Surely I can’t have been the only person, that frowned my eyebrows when reading on the official social media and in press announcements that Buckingham Palace decided to call the few days that the Queen spends in Scotland each year late June-early July Royal Week this time. It is according to the royal website how the period is known in Scotland. Others call it Holyrood Week as the Queen stays at her official residence in Scotland, the Palace of Holyroodhouse in Edinburgh. If you want to visit Scotland and include the palace, be aware that the palace is closed for a few days when the Queen is staying there.

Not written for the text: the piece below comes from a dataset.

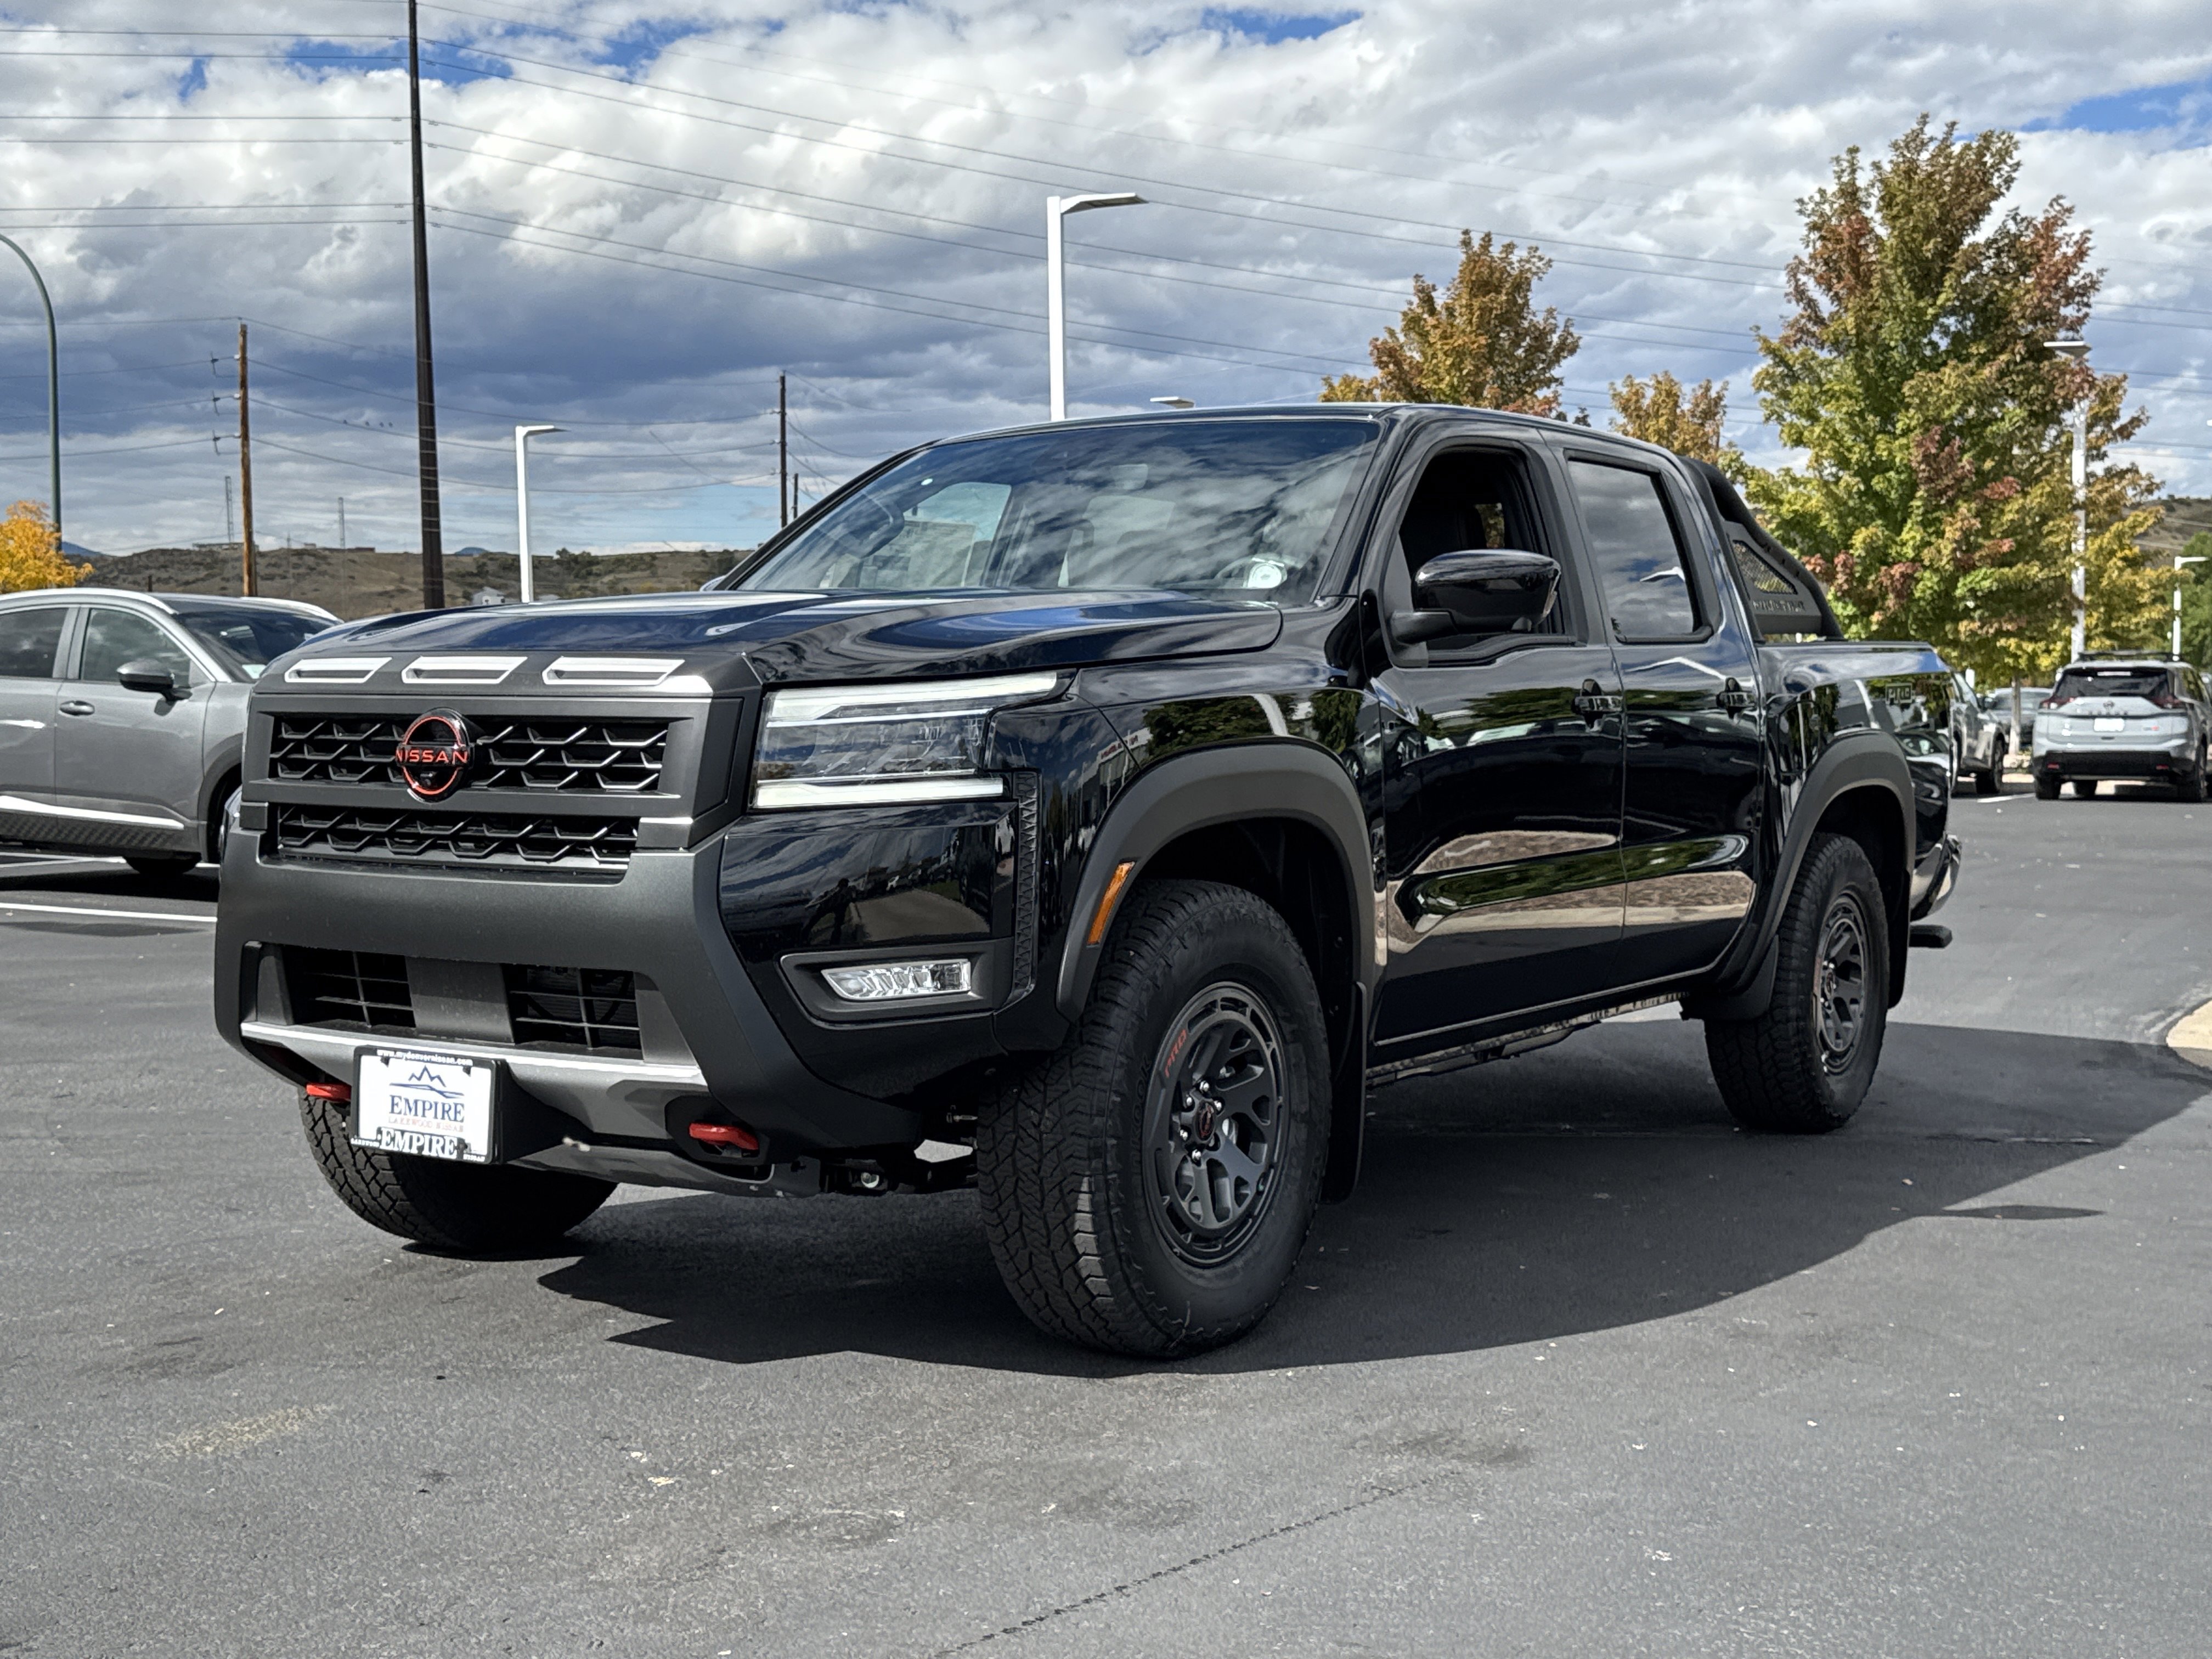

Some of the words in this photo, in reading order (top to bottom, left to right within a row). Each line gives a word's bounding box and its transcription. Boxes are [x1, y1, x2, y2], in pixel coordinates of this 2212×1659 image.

The week usually includes the Queen being offered the keys to Edinburgh, an investiture of Scots, and in normal times she would also hold a garden party at Holyroodhouse. Sometimes the visit includes the Thistle Service at St Giles’ Cathedral. Like in August/September, when she stays at Balmoral Castle in the Highlands, the Queen visits various regions in Scotland and meets with as many Scots as possible. The royal website says that it is to celebrate Scottish culture, achievement and community.
Also in Scotland the fact that in Scotland the week is called “Royal Week” came as a surprise. It turned out lots of people had never heard of “Royal Week” nor of “Holyrood Week” (I know a lot of people outside Scotland and the UK who actually know what that is). The Scottish newspaper “The National” mentions that the name “Holyrood Week” at least exists since 2010. I remember visiting Scotland myself exactly in this period in 2006, and already back then the royals returned to Scotland yearly, so I am rather surprised it comes as a surprise. And the fact that people working at Buckingham Palace don’t even seem to know what it is, is quite funny.
I always seem to have known it as “Holyrood Week”. What about you?